Exact transcription of the following records is needed, with every picture dropped.

Collected data entries
---
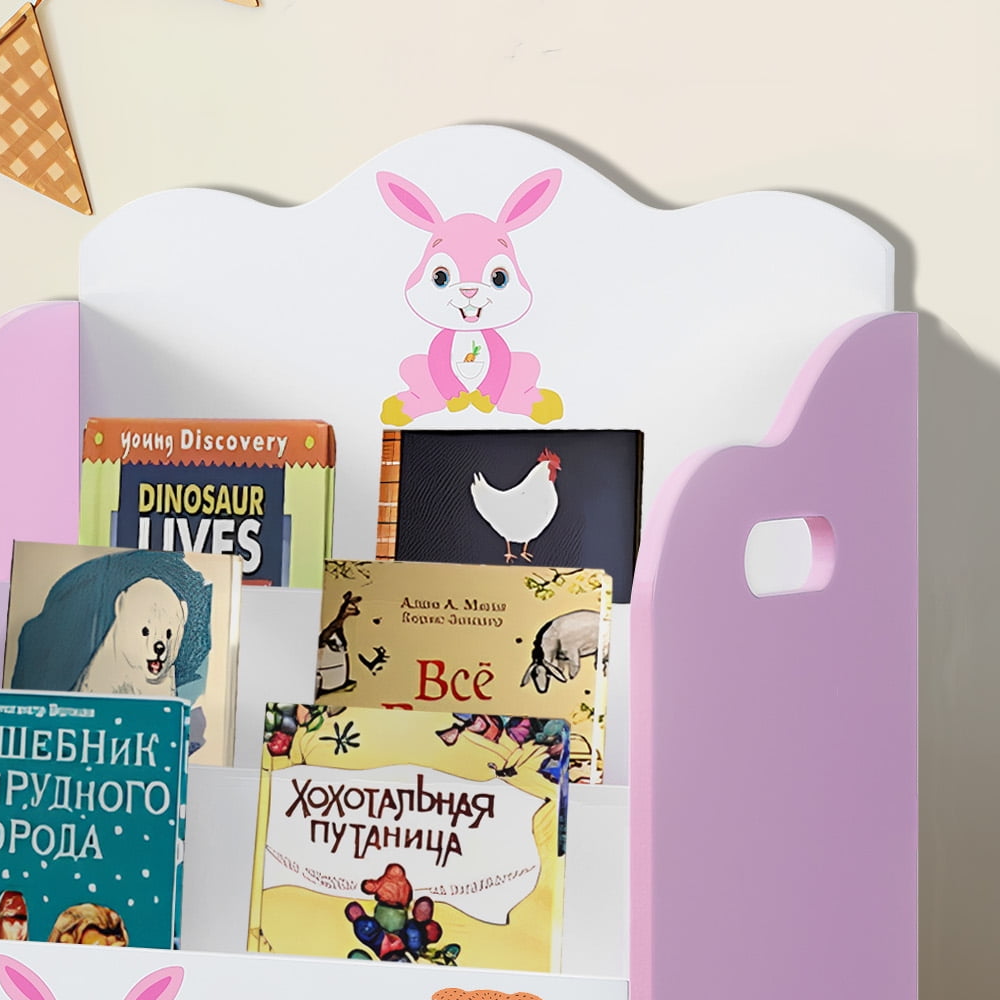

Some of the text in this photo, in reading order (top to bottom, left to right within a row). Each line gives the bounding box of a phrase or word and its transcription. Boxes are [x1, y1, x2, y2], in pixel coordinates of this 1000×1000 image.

[120, 428, 289, 459] young Discovery
[137, 482, 265, 516] DINOSAUR
[414, 659, 495, 702] Всё
[285, 773, 496, 829] ХОХОТАЛЬНАЯ
[310, 819, 463, 868] ПУТАНИЦА
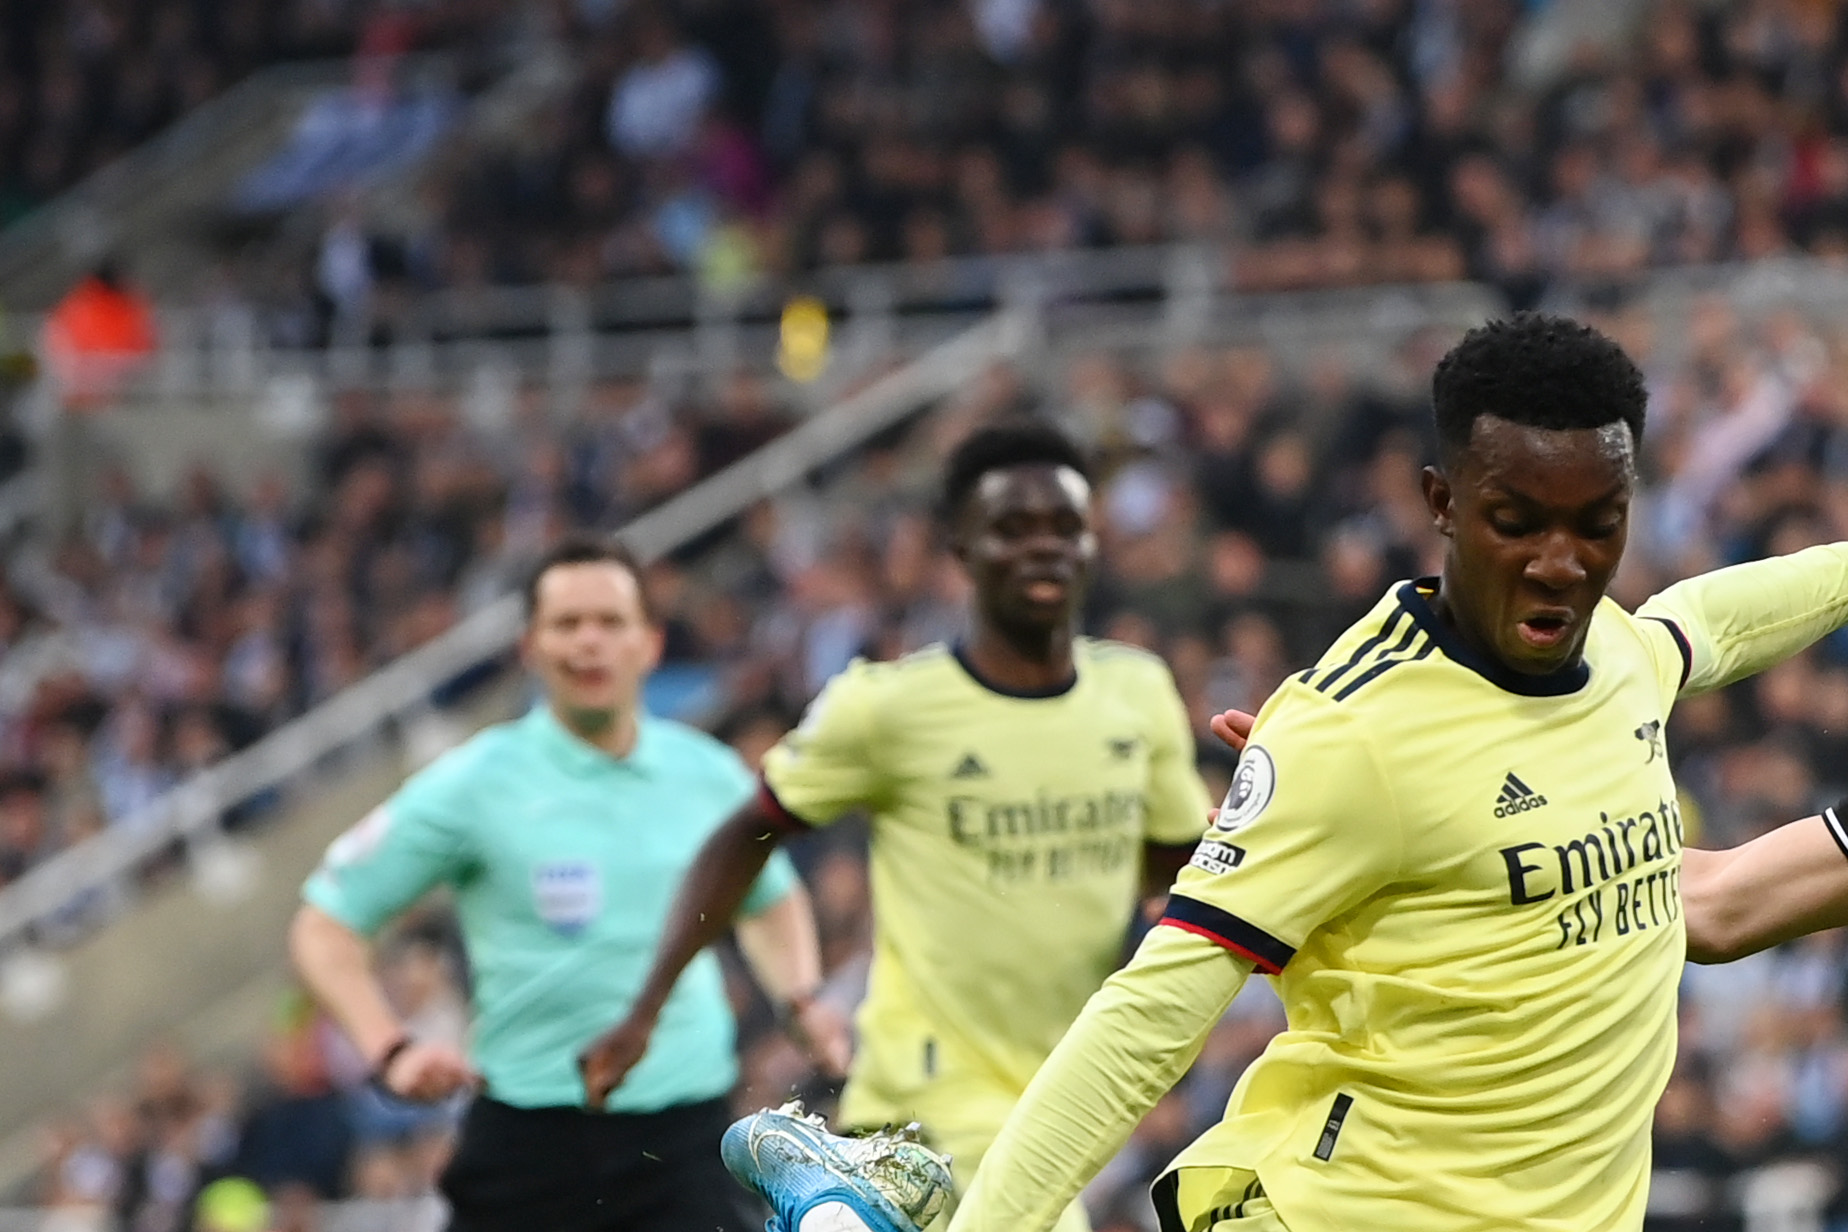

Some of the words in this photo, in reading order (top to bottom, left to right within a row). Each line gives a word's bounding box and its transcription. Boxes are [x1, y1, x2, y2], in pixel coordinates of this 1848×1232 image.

[1493, 794, 1548, 819] adidas
[1557, 890, 1603, 950] FLY
[1615, 865, 1681, 936] BETTE
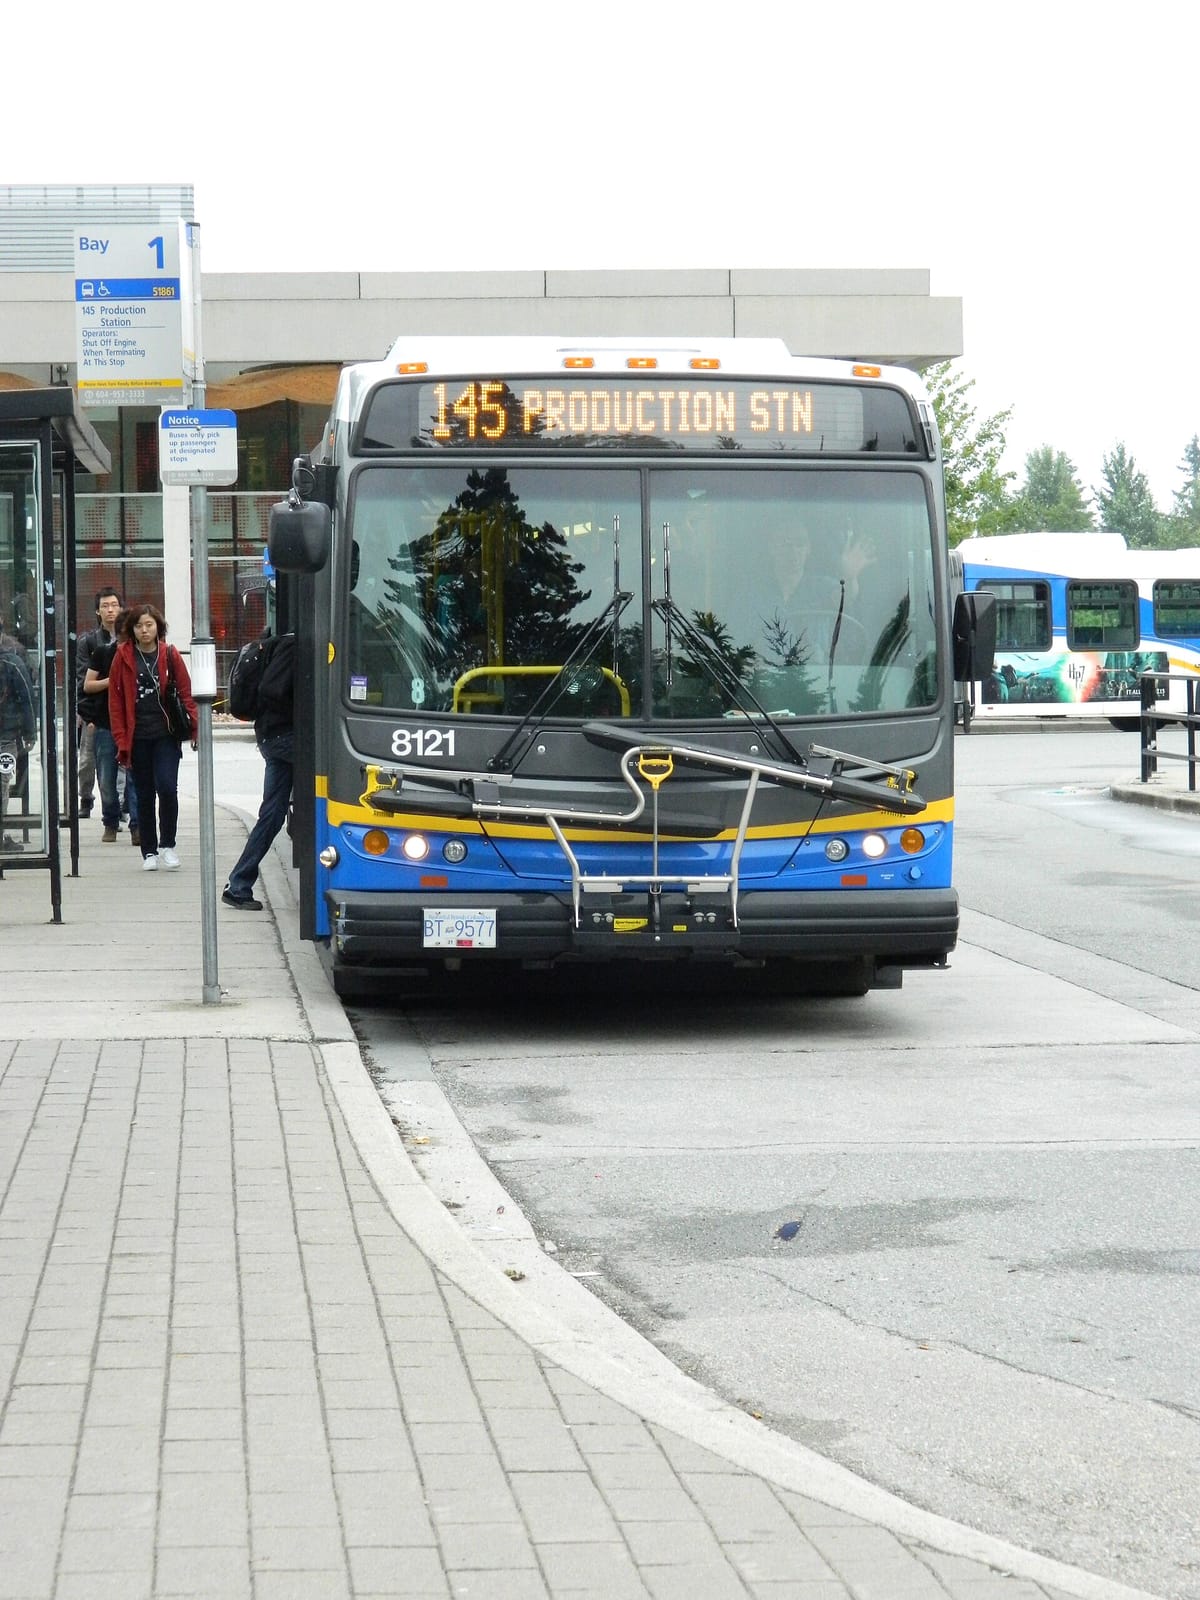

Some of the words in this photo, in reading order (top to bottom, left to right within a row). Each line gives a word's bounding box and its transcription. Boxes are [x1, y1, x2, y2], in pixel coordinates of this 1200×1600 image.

[79, 237, 109, 254] Bay
[147, 236, 164, 269] 1
[153, 286, 175, 296] 51861
[82, 306, 95, 315] 145
[100, 305, 146, 315] Production
[100, 317, 131, 327] Station
[82, 329, 118, 339] Operators:
[82, 339, 98, 347] Shut
[114, 339, 137, 348] Engine
[106, 348, 145, 357] Terminating
[94, 358, 107, 366] This
[110, 358, 125, 367] Stop
[433, 383, 506, 438] 145
[523, 391, 735, 431] PRODUCTION
[750, 391, 812, 432] STN
[168, 416, 199, 424] Notice
[179, 447, 216, 455] designated
[411, 677, 425, 704] 8
[391, 729, 455, 756] 8121
[424, 919, 444, 937] BT
[455, 919, 495, 937] 9577
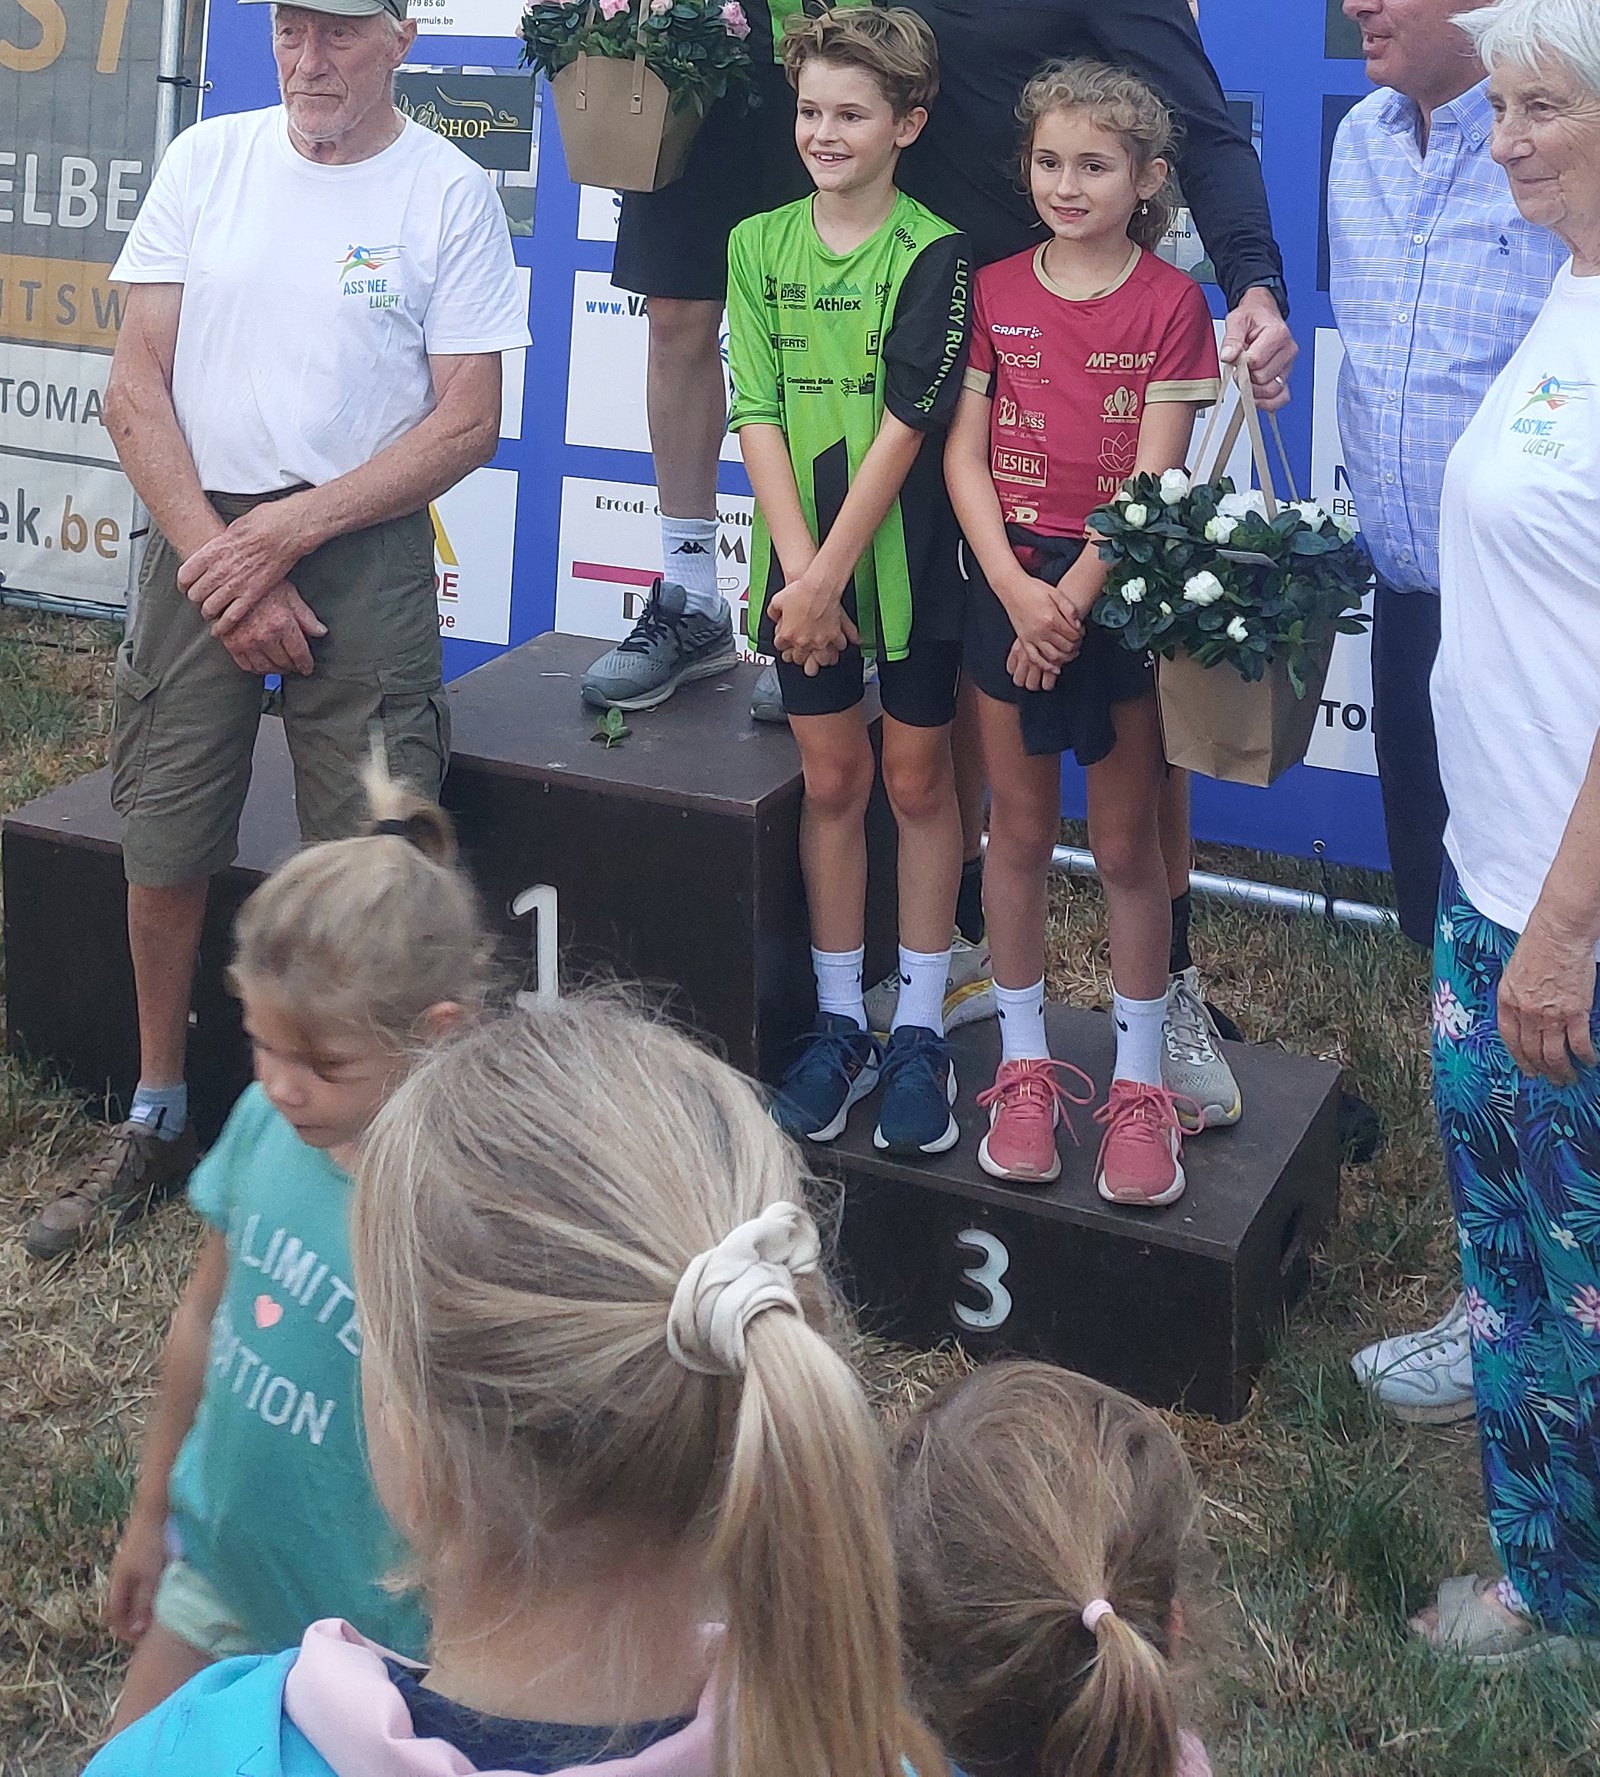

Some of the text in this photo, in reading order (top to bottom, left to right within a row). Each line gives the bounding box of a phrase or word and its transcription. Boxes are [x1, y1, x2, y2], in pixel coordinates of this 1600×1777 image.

[423, 0, 433, 7] 85
[435, 0, 446, 7] 60
[438, 119, 490, 139] SHOP
[1167, 230, 1192, 239] emo
[343, 279, 388, 296] ASS'NEE
[948, 258, 969, 327] LUCKY
[0, 273, 126, 331] TSW
[813, 297, 862, 311] Athlex
[991, 324, 1031, 337] CRAFT
[1319, 699, 1373, 733] TO
[512, 883, 559, 1006] 1
[954, 1227, 1013, 1330] 3
---
_EXPECTED OUTPUT:_
Some of the text in this photo, in reading order (top to bottom, left to right within a row). Each line gives the bounding box of a phrase or word and its transcription. Boxes are [x1, y1, x2, y2], in pixel coordinates of this 1000×1000 image.

[120, 428, 289, 459] young Discovery
[137, 482, 265, 516] DINOSAUR
[414, 659, 495, 702] Всё
[285, 773, 496, 829] ХОХОТАЛЬНАЯ
[310, 819, 463, 868] ПУТАНИЦА

Some of the words in this photo, in reading order (top to bottom, left to right within a row). Each line gives a word's bounding box and its transcription. Boxes are [x1, y1, x2, y2], in pixel coordinates of this 1848×1232 image.

[1493, 794, 1548, 819] adidas
[1557, 890, 1603, 950] FLY
[1615, 865, 1681, 936] BETTE

Some of the words in this photo, in reading order (top to bottom, left to right within a row). Each line gives a word's bounding box and its transcription. Boxes are [x1, y1, x2, y2], in pixel coordinates of this 1200×1600 image.

[79, 237, 109, 254] Bay
[147, 236, 164, 269] 1
[153, 286, 175, 296] 51861
[82, 306, 95, 315] 145
[100, 305, 146, 315] Production
[100, 317, 131, 327] Station
[82, 329, 118, 339] Operators:
[82, 339, 98, 347] Shut
[114, 339, 137, 348] Engine
[106, 348, 145, 357] Terminating
[94, 358, 107, 366] This
[110, 358, 125, 367] Stop
[433, 383, 506, 438] 145
[523, 391, 735, 431] PRODUCTION
[750, 391, 812, 432] STN
[168, 416, 199, 424] Notice
[179, 447, 216, 455] designated
[411, 677, 425, 704] 8
[391, 729, 455, 756] 8121
[424, 919, 444, 937] BT
[455, 919, 495, 937] 9577

Some of the text in this photo, in reading order (top to bottom, left to right within a row). Each line gives the bounding box of a phrase or word and its transcription. Boxes are [x1, y1, x2, y2], in pixel coordinates of this 1600×1777 image.

[423, 0, 433, 7] 85
[435, 0, 446, 7] 60
[438, 119, 490, 139] SHOP
[1167, 230, 1192, 239] emo
[343, 279, 388, 296] ASS'NEE
[948, 258, 969, 327] LUCKY
[0, 273, 126, 331] TSW
[813, 297, 862, 311] Athlex
[991, 324, 1031, 337] CRAFT
[1319, 699, 1373, 733] TO
[512, 883, 559, 1006] 1
[954, 1227, 1013, 1330] 3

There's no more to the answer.